Не сомневаюсь, что Виктор Астафьев руководствовался самыми лучшими намерениями, объявив, что Георгий Семенов пишет куда лучше Чехова и Бунина. Впрочем, может, он ничем не руководствовался, а просто решил поставить на пьедестал милого ему человека и прекрасного писателя, чей редкий новеллистический дар упорно не замечали. В ту пору Семенов-рассказчик упоминался до обидного редко, сквозь зубы, о его крупногабаритных — и менее интересных — произведениях писали куда чаще, в каком-то кисло-сладком тоне.
Отважная эскапада В. Астафьева произвела впечатление, с мнением этого большого писателя и значительного человека привыкли считаться. Но оказалось — это не к добру, ибо сильнее всех ему поверил сам Г. Семенов. Шутка ли — из рядовых в фельдмаршалы! Такого взлета не знали даже Бонопартовы орлы: знаменитому полководцу, сыну пивовара, маршалу Нею, понадобились десятилетия, чтобы под уклон наполеоновских дней пробиться в князья.
До рокового открытия Виктора Астафьева Семенов с похвальным целомудрием относился к новеллистическому делу. Он не располагал обширным жизненным опытом, а имевшийся у него в наличии отличался редким в нашу суровую эпоху благополучием. Но то, что он знал, то знал крепко, досконально, во всех подробностях, которые так хорошо умел подмечать его острый охотничий глаз. Г. Семенов не прибегал к заимствованному опыту, не расширял искусственно литературного охвата. Круг проникновенно ведомого им включал природу, рыбалку, охоту, дома отдыха, московские улицы, близких ему по настрою людей, преимущественно городских, вполне бытовых, и, что очень важно, собственную душу. Это не малый круг тем, примерно такой же, как у Бунина-рассказчика. И если б Г. Семенов удовлетворился подаренным ему превосходством над Иваном Алексеевичем, все было бы в порядке: он продолжал бы вести свою борозду, беря все глубже и глубже, благо он щедро наделен и талантом, и наблюдательностью, и проницательностью, и даром удивительного по красоте слова.
Но он решил (хотя решение это могло быть безотчетным) утвердиться на той высоте, откуда видно темечко рослого Антона Павловича. Надо же оправдать веру Астафьева! Чехов, в отличие от Бунина, писатель многотемный, многоплановый, с разнообразными интонациями, полифонический. И «Гоша», как в эйфорическом восторге именует Астафьев Георгия Семенова, расширился, раскинулся, растопырился и через межу — на чужую пахоту. Ан то не пахота, а дикое поле, в каменюках, буераках, и вырвались рукоятки из рук пахаря.
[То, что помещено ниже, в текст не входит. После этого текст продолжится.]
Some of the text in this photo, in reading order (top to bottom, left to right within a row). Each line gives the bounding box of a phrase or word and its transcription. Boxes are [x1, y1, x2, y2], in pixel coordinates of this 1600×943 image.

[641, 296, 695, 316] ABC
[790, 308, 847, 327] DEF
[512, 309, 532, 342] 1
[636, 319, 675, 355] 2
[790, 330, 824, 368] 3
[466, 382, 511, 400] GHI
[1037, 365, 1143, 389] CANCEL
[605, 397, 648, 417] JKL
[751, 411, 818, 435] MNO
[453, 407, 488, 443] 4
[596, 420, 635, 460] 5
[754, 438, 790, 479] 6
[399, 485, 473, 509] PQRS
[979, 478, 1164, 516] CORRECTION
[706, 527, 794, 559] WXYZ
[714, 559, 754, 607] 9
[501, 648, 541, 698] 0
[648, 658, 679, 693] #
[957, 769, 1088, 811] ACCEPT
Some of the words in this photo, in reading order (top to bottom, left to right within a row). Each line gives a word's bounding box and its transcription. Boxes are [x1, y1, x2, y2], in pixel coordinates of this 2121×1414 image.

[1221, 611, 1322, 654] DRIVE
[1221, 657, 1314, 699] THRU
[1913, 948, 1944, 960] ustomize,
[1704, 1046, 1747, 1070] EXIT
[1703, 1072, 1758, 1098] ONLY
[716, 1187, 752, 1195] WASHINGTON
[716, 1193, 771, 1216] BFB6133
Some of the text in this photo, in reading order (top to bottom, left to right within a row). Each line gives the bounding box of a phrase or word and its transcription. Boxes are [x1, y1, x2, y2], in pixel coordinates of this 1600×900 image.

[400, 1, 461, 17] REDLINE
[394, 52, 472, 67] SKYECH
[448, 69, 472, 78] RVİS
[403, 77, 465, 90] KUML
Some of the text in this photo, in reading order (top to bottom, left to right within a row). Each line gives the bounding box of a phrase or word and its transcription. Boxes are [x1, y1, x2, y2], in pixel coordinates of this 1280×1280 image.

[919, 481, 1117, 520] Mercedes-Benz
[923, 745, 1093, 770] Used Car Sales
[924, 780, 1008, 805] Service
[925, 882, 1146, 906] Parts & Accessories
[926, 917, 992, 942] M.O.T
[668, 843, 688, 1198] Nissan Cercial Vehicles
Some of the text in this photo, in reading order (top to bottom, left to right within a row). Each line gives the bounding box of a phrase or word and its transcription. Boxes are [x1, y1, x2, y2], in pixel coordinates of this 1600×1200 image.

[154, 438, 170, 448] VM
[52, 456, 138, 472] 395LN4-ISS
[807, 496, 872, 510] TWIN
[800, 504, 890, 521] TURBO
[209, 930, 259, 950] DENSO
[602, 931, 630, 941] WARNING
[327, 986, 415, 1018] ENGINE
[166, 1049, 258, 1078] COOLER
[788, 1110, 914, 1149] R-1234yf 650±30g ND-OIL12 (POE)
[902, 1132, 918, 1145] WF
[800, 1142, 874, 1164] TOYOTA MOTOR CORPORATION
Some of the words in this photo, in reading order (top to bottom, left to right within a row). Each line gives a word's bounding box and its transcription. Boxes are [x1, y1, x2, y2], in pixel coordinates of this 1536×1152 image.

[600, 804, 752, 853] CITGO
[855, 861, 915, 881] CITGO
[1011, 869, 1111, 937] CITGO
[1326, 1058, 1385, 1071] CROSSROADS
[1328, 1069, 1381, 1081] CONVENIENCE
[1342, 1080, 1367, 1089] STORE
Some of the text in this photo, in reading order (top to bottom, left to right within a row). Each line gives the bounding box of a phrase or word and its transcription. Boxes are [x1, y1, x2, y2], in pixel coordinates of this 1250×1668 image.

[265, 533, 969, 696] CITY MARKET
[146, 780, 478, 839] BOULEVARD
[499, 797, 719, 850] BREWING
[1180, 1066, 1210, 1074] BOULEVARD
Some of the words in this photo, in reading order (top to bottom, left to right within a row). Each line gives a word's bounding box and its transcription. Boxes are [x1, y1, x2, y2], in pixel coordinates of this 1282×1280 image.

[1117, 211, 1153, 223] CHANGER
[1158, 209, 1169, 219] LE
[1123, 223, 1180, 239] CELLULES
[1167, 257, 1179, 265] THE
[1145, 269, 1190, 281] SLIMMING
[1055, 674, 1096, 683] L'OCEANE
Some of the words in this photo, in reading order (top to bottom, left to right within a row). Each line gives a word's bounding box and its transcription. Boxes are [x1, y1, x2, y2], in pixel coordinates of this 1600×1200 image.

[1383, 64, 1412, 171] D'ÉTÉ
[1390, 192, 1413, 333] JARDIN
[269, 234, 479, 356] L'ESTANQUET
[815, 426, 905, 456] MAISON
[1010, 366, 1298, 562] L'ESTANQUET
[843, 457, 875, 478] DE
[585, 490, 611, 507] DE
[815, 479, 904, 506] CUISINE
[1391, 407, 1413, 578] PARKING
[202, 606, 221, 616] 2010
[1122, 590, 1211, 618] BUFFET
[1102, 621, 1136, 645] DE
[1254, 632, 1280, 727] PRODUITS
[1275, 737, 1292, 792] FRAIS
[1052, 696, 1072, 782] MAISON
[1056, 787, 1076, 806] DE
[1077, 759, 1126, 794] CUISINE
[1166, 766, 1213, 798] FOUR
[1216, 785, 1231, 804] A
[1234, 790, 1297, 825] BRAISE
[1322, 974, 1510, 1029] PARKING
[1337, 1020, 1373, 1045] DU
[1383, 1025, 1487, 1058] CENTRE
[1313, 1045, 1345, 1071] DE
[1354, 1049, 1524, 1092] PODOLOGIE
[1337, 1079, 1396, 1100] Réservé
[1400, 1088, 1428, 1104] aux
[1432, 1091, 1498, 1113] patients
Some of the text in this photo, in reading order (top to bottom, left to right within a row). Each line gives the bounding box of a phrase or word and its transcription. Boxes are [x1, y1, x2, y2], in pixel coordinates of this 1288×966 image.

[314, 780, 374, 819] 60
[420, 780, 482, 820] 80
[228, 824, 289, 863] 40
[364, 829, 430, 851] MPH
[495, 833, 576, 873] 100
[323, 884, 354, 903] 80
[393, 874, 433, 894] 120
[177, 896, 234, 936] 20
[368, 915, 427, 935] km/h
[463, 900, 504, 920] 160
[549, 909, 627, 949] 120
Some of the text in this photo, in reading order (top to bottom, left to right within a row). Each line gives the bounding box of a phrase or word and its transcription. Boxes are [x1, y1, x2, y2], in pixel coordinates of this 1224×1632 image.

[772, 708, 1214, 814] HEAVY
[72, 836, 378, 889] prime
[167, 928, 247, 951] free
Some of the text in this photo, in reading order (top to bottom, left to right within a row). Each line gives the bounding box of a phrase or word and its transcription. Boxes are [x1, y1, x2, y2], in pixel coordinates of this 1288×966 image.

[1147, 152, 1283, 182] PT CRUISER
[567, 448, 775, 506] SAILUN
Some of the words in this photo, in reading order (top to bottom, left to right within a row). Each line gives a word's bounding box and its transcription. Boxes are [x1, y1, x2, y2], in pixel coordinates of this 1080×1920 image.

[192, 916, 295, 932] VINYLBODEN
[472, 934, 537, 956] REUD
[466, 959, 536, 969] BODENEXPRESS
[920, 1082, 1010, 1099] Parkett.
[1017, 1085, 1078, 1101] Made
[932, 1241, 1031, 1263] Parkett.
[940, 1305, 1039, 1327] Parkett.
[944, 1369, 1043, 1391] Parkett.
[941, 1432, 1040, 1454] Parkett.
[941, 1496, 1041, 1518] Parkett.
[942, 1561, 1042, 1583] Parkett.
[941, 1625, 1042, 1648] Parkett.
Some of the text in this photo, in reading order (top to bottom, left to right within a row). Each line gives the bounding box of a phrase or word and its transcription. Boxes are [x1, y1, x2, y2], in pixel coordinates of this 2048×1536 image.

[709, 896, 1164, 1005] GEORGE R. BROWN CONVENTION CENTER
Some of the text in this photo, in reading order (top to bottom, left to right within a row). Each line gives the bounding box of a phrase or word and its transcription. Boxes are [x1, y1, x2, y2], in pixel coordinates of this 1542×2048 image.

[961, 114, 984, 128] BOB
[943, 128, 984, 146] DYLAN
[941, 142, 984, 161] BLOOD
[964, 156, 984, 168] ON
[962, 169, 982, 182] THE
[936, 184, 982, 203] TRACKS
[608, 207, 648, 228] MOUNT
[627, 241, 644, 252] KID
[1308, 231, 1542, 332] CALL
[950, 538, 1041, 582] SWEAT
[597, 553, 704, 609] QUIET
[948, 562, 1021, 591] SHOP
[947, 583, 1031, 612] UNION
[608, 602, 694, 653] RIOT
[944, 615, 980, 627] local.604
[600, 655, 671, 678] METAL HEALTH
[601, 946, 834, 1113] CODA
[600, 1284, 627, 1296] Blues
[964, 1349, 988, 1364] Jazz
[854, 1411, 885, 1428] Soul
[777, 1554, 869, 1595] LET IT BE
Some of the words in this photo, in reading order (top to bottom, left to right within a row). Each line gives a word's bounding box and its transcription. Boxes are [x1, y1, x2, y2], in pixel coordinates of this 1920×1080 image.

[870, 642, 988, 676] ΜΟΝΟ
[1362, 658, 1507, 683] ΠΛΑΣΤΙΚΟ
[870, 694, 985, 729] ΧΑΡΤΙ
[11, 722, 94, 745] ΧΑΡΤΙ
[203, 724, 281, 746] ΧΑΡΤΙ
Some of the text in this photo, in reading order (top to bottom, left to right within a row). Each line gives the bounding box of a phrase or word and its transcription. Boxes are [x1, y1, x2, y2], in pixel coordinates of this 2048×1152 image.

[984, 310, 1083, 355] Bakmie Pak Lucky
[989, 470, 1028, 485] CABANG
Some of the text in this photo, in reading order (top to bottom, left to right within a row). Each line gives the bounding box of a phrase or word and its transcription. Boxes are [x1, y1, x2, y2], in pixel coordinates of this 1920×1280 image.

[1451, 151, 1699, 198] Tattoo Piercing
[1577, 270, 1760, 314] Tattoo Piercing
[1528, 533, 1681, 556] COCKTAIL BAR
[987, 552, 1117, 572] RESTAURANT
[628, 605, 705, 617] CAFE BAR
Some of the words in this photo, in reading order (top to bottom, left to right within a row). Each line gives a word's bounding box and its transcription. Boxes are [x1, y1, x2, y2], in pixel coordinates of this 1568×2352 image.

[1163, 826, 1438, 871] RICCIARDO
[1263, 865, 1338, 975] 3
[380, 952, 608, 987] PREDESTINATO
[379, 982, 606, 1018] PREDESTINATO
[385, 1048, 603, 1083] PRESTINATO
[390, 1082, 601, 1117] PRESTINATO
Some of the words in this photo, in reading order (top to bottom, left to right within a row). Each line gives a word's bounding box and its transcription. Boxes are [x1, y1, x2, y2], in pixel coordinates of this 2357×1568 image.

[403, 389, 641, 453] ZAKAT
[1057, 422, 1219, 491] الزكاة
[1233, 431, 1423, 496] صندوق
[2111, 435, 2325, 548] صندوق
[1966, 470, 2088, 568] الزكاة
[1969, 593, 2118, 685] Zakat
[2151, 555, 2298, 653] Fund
Г. Семенов стал писать о том, чего он не знает или знает плохо, не помнит или помнит холодной памятью рассудка, а не горячей кровью, о том, чего не чувствует, чему не откликается собственной болью. Вместо стройного пения началась какофония, которой немедленно откликнулась «чуткая» душа «Литературки»: «Это совсем новый Семенов!.. Открылись неведомые грани его таланта!» Что ж, текст, и в самом деле, не похож на прежнего Семенова, странный, какой-то не такой… Задуматься, проанализировать, разобраться в метаморфозе — да это просто не по силам тем самоуверенным и начисто лишенным литературного вкуса немолодым дамам, которым «Литературка» дала на откуп критику.
В мою задачу не входит разбор новеллистического творчества Г. Семенова. Я заговорил о нем, потому что он сбился с прямого пути и, запутанный разными безответственными рецензентами, уходит от себя все дальше и дальше.
Кратко остановлюсь лишь на нескольких рассказах из большой
Но и до Катиной исповеди простые, бесхитростные, почвенные люди разгадывают гнилостную суть приезжей. Да что там люди — сама природа взбунтовалась против нее, и начались такие грозные чудеса на суше и на море, каких тут сроду не видели, произошло даже явление огромного «грязно-белого, как баран» кота с оранжевыми глазами. Несовместимость дурного человека с чистым миром показана с размахом и мощью, достойными Маркеса. Любая частность: лов рыбы, стихийные явления, даже то, как гостья ест яблоко своим ярко накрашенным ртом и не размазывает помады, — все написано рукой настоящего художника. А рассказ начисто не получился. Г. Семенов не Маркес, он бытовой человек, у него нет в душевном опыте того, на что он замахнулся. Вопреки его намерениям, приезжая Катя выглядит жалкой дурочкой, а от кряжистой рыбацкой семьи, долженствующей оттенить ее нравственное убожество, несет тяжким кулацким духом. И нет никакого отражения в чистой воде, ибо, вопреки всем усилиям автора, вода мутна, а отразилось в ней нечто столь незначительное, неопасное и жалостное, что, право, не стоило природе так бунтовать, а преисподней слать котов-великанов, тем более что на грязноватой шкуре отчетливо читается тавро: «сделано Булгаковым».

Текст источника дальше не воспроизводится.